A heart-stopping scream pierced the air. Sarah and Charley looked at each other, then left their plates on their chairs and ran toward the food tables where people were crowding and pushing. Charley grabbed her hand and led her in and out of the crowd to the end of the table where the chef had been carving meat. Through a gap in a wall of weeping women and mute men she saw Subbie sprawled on the ground, his face pointed to the sky, blood pooled on the front of his white shirt. His mother was kneeling next to him, bunching her skirt against his chest to stanch the blood as she pressed her lips to his, blowing breath into his mouth.
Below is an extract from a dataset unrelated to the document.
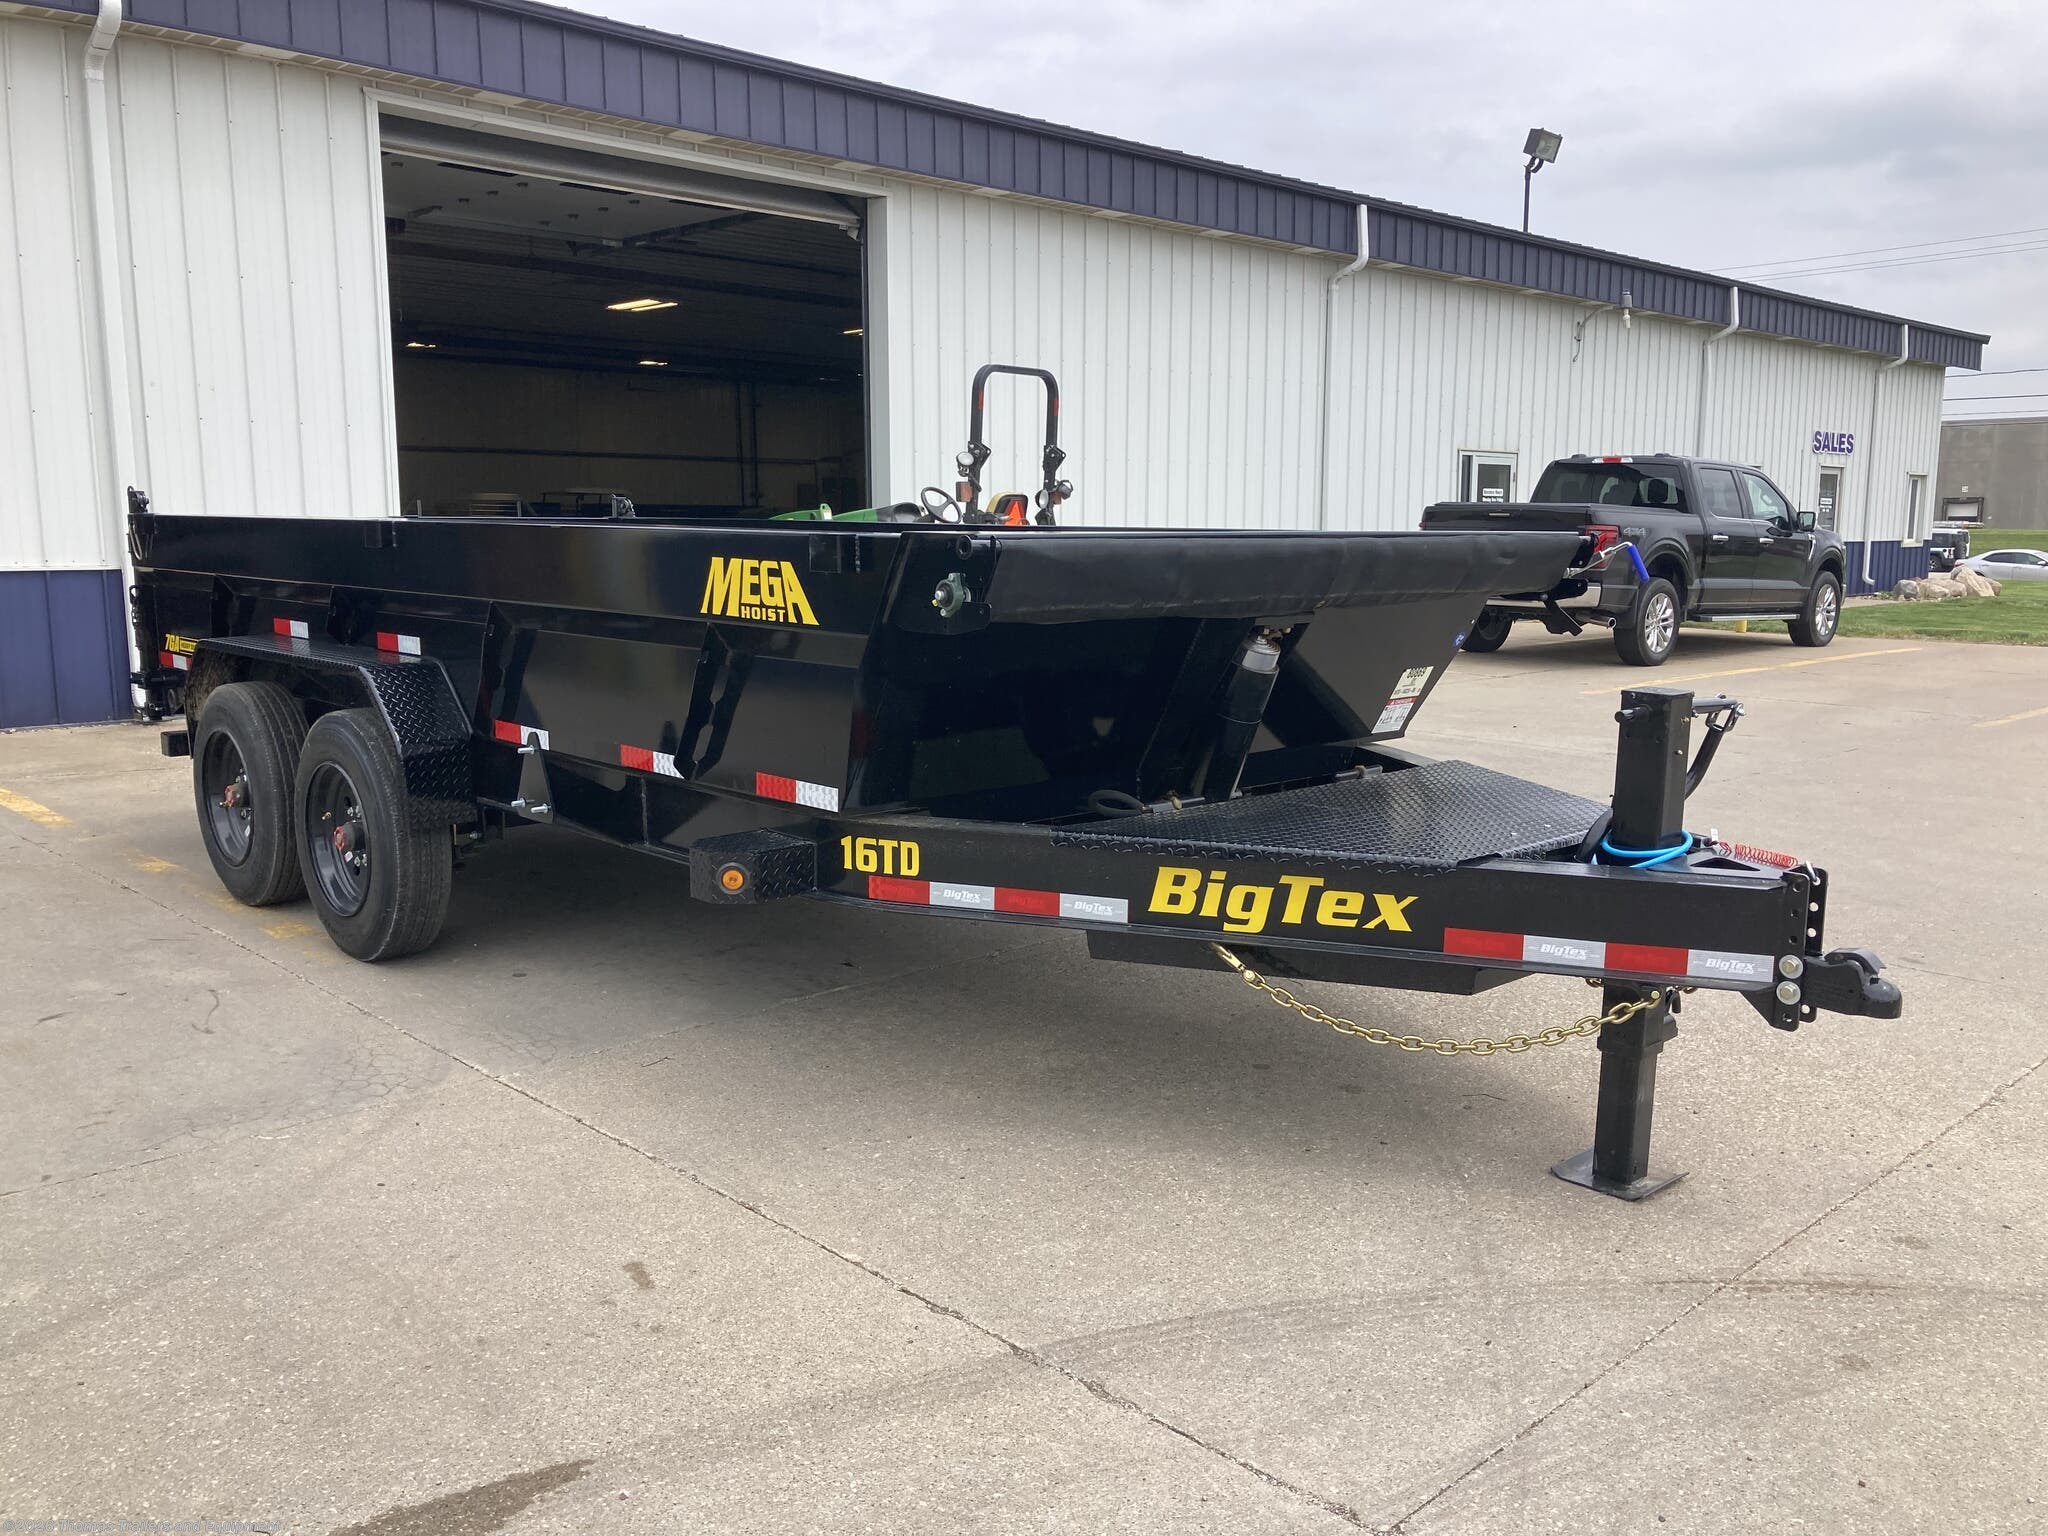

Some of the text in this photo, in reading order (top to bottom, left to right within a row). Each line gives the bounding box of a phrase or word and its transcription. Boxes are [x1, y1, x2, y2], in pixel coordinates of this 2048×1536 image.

Sarah stared. It couldn’t be. Her heart began to pound and she clung to Charley’s arm, afraid her legs wouldn’t hold her. She wanted to run to Subbie, grab his hand, help him stand up and grin and say it was all a mistake and dance one of his little jigs.

Then a bell was clanging, growing louder as an ambulance wagon, pulled by two horses, raced through the gate and came to a halt. The crowd moved, one organic mass, as two men in white sprang out of the wagon, a third holding a stretcher. One bent over Subbie, took his pulse, held a stethoscope to his chest, took his pulse again, then gently closed the wide-open eyes. Subbie’s mother gave a wild cry and flung herself on her son. One of the men lifted her gently as the others raised Subbie onto the stretcher. His arms and legs hung lifelessly, the yellow, blood-stained tie dragging on the ground. Charley ran and lifted the tie out of the dirt. It came loose in his hand. Subbie’s mother, panting through her tears, walked with the support of the ambulance aide, Subbie’s black and gold hat clasped against her breast.
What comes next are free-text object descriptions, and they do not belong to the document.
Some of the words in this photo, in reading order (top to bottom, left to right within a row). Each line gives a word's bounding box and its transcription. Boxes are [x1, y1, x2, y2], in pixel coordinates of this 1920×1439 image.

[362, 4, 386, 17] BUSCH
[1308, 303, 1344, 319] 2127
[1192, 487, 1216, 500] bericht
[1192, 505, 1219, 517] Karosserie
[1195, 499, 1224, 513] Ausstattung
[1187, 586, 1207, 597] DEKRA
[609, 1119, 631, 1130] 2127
“Jes playin’ at duelin’ with his cousin, you know how boys do with sticks,” the chef said to the people ringed around him. He dragged a white napkin over his face. “Then his cousin grabbed the meat knife from the table and yelled at Subbie. He was jes makin’ fun. But Subbie came at him pretty fast and the boy, he jes jabbed at him, forgetting it was a knife, never meanin’ anythin’…”

Charley led Sarah back to the chairs where flies swarmed over their uneaten food. It had turned cooler, and he laid his sweater over her shoulders. “Hold this,” he said, handing her the yellow tie. He grabbed up the plates. “I’ll get rid of these.”

She waited. His sweater slipped down and she picked it up and put her arms into the sleeves, buttoned up the front, and hugged herself. The yellow tie lay on her lap.

She could see women moving like sleep walkers, removing bowls and platters of food from the tables. Sarah held back a sob as she thought of Subbie’s mother and father going home without Subbie.

Charley came back. “He’s…gone,” he said. Instinctively, she put her arms around him. He buried his face in her hair, and didn’t move until his tears had subsided. She dropped her arms and they looked at each other. With an embarrassed half-smile, Charley said, “Sorry for crying into your hair.” He picked up the tie that had fallen to the ground, folded it, and put it into his pocket.

“I’ll see if I can help put things away,” Sarah said. They joined the women loading leftover food into large boxes. Sarah picked up a jar of pickles and placed it into a box lined with straw.

She looked at Charley. “I can’t,” she whispered. Hand in hand, they left the silent women at their work.